The Question: Explore the view that texting and/or web-based interactions can be very creative forms of language use. Bullet Points:

  • Emoticons have become a useful way of conveying emotions and expressions which requires few or no words at all. This enables brevity in messages allowing conversations to take on an spoken element, previously only available in traditional face-to-face speaking situations.
  • Emoticons, like texting, are flexible in their design, while some like “ :)” are universal, again there are no authoritative rules and new designs come and go.
  • Many social networks – most recently Facebook – have joined the emoticon bandwagon, bringing out new revolutionary designs that require only one dab at the screen, more convenience that older forms of emoticon.
  • Twitter, similar communication to texting. In fact Twitter was influenced by texting. People on Twitter again heavily rely on abbreviations and neologisms, but also have created a community language all of their own i.e. RT is retweet ‘@’ to get attention of another Twitter user. Also Twitter lexicon has become widely used even in standard English. Word such as ‘Twitterati’, ‘retweet’ etc.
  • Texting and instant messaging is affecting people’s concentration in exams. As people have briefer communications, they cannot hold the attention as much as previous generations of children/teens. Everything is instant in communication now.
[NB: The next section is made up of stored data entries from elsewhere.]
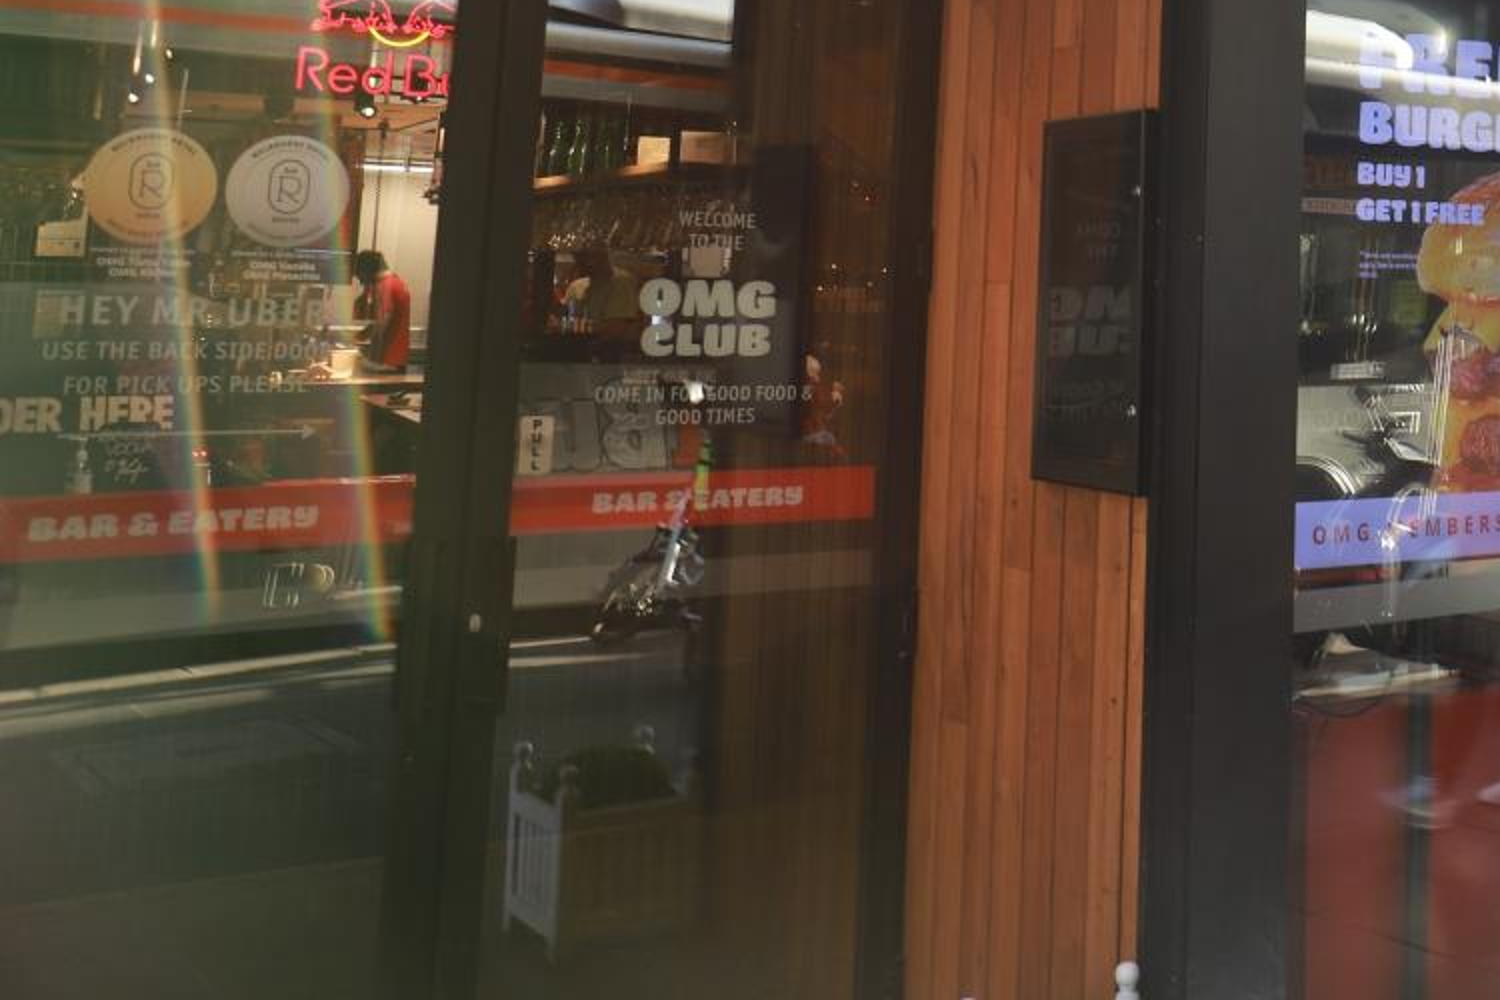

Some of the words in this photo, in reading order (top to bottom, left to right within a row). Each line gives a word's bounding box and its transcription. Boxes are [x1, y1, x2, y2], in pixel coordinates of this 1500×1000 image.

[294, 44, 394, 96] Red
[1357, 161, 1411, 188] BUY
[679, 211, 757, 229] WELCOME
[1356, 197, 1406, 222] GET
[1425, 201, 1485, 226] FREE
[64, 295, 139, 326] HEY
[228, 295, 325, 328] UBER
[639, 277, 777, 319] OMG
[42, 339, 88, 361] USE
[97, 340, 142, 361] THE
[215, 340, 267, 361] SIDE
[640, 321, 772, 357] CLUB
[64, 375, 107, 394] FOR
[117, 375, 170, 394] PICK
[595, 385, 641, 402] COME
[646, 385, 665, 401] IN
[756, 384, 797, 400] FOOD
[656, 409, 701, 425] GOOD
[706, 408, 755, 425] TIMES
[532, 419, 542, 472] PULL
[591, 491, 657, 514] BAR
[693, 486, 804, 512] EATERY
[28, 514, 119, 542] BAR
[128, 511, 160, 538] &
[168, 504, 321, 535] EATERY
[1312, 522, 1369, 546] OMG
  • As people are more reliant on tweeting, texting, IM and Facebook, they are forgetting the importance and artistry of writing.
  • Even in official writing and writing of letters, coursework etc. people are more prone to using texting language. Some have becoming too used to text language and its mode of convenience. Others are just plain lazy -> affects negatively their educational and job prospects.
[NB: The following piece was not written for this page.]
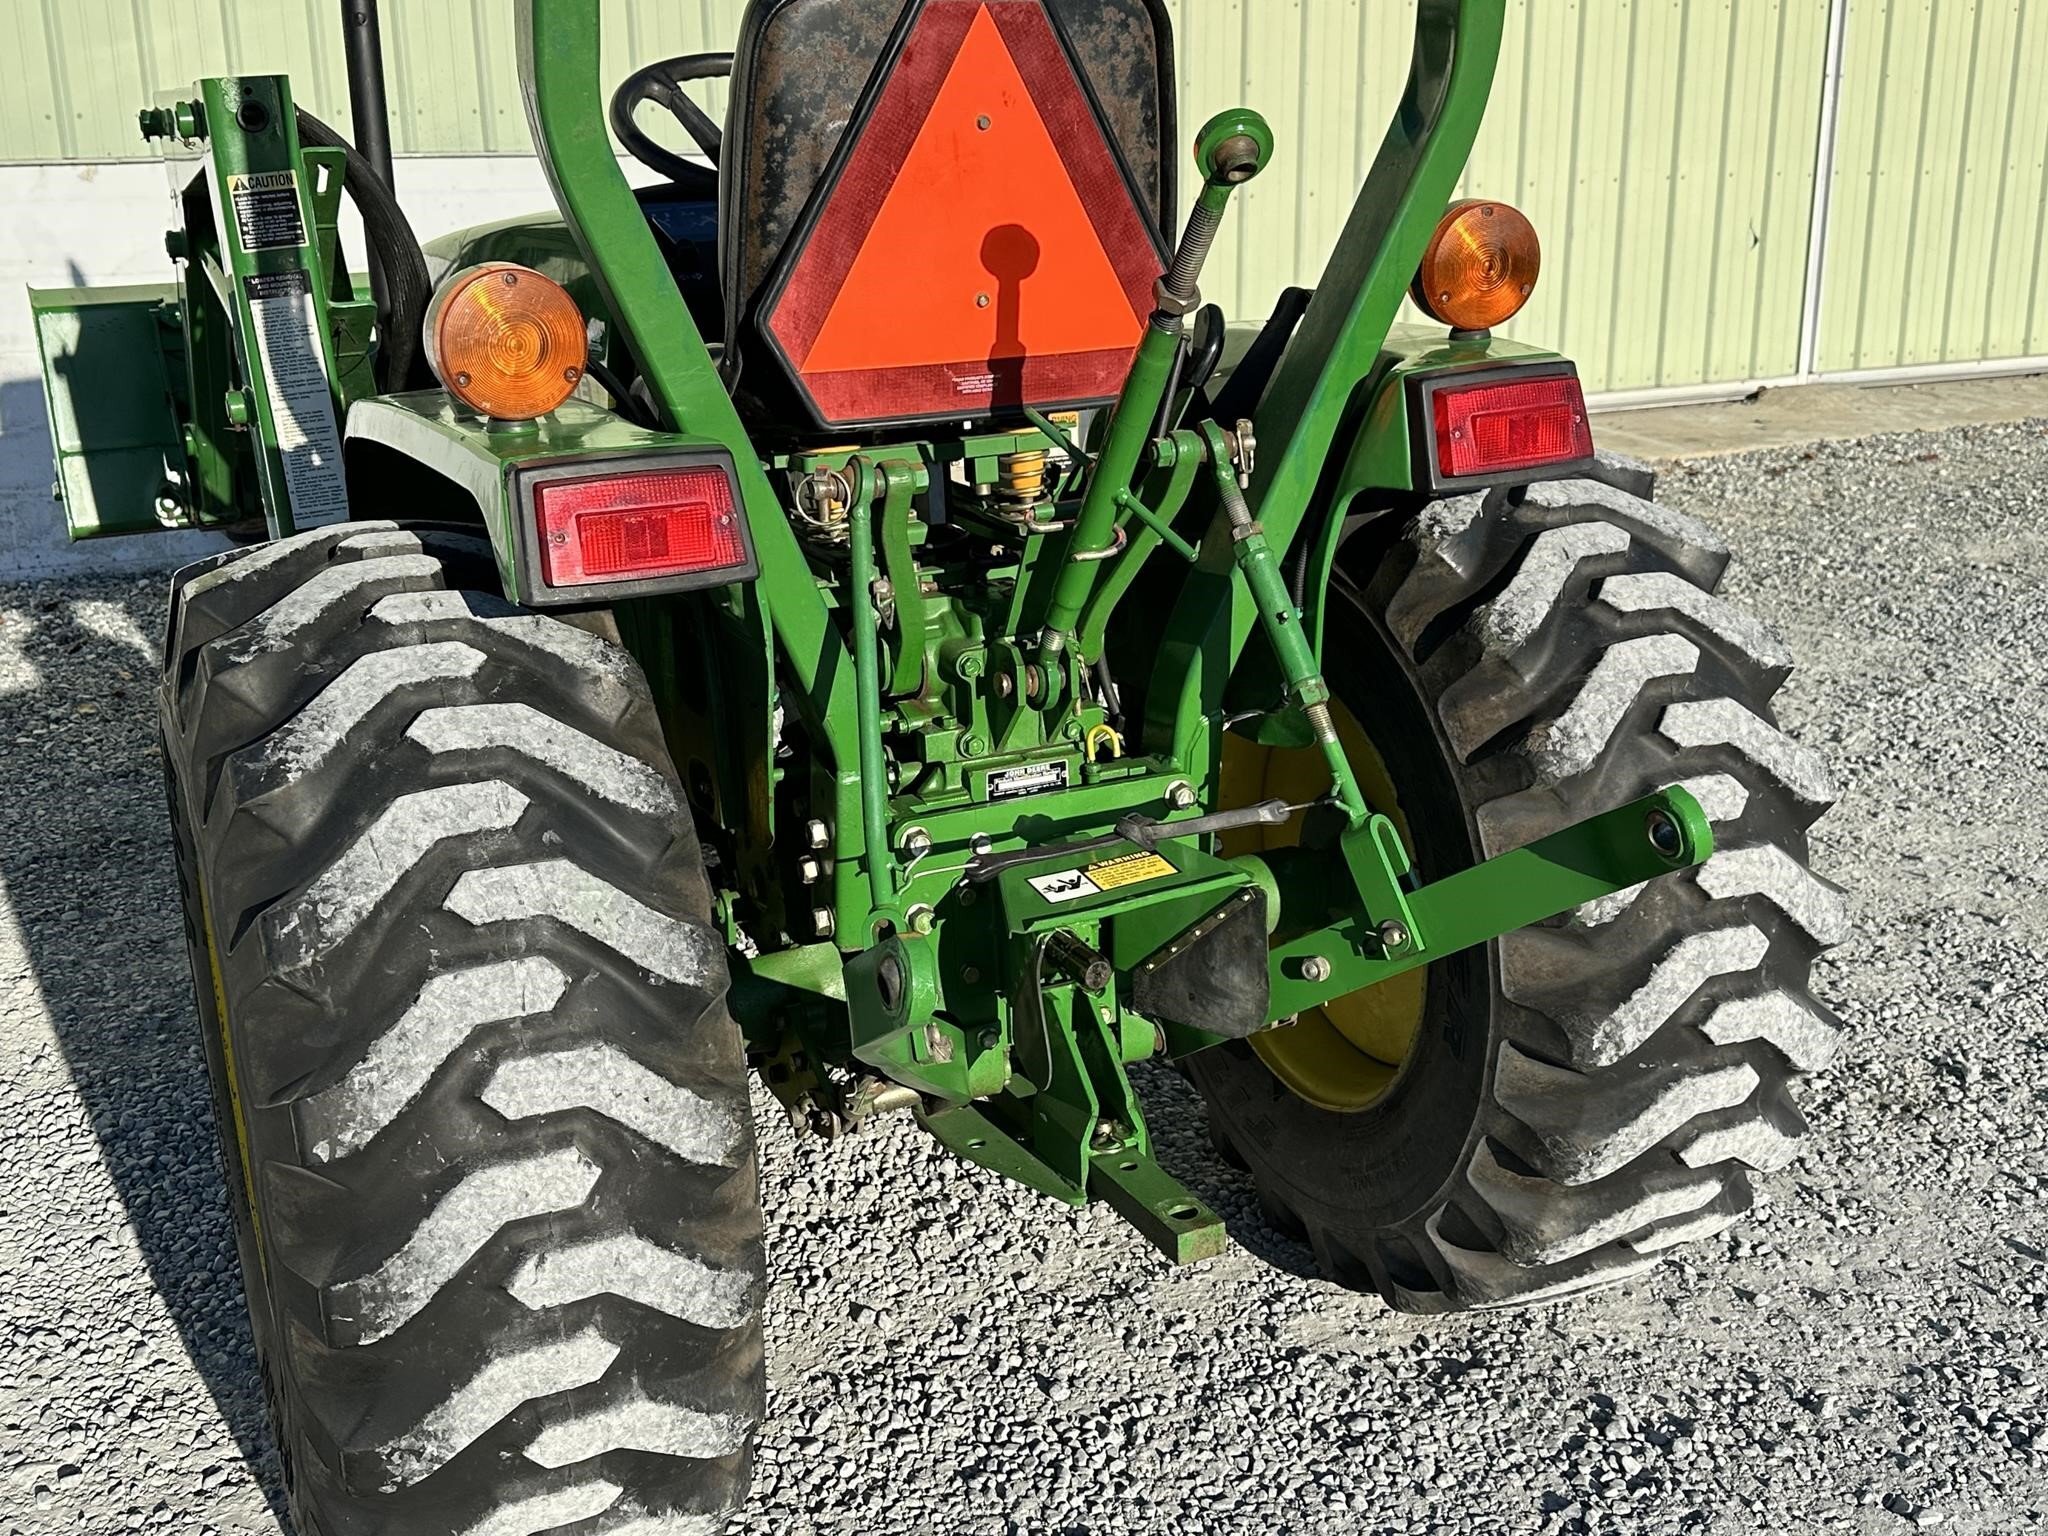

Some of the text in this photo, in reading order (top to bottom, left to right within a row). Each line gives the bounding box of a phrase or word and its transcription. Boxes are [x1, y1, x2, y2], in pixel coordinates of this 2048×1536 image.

[248, 174, 294, 189] CAUTION
[1004, 768, 1025, 778] JOHN
[1026, 764, 1051, 774] DEERE
[1097, 851, 1151, 867] WARNING
  • There are government concerns that texting is having an impact on the literacy skills of the young.
  • People’s over-reliance on technology and instant messaging means traditional socialising has declined. Everyone seems to have lost the ‘art of conversation’.
  • Some teenagers are said to spend as much as 7-8 hours per day in front of a computer screen.
  • Texting and Facebook wall posts can encourage users to understand as well as creatively subvert language rules, so they become more creative in their written expression.
  • Texting proves useful for people whose first language is not English. They can learn English faster that way, and makes the language more practical to them in its real-life usage.
  • In texting, punctuation is dropped, unless used for emphasis and Capitalisation is more commonplace. It’s convenient and perfect for angst-ridden teens.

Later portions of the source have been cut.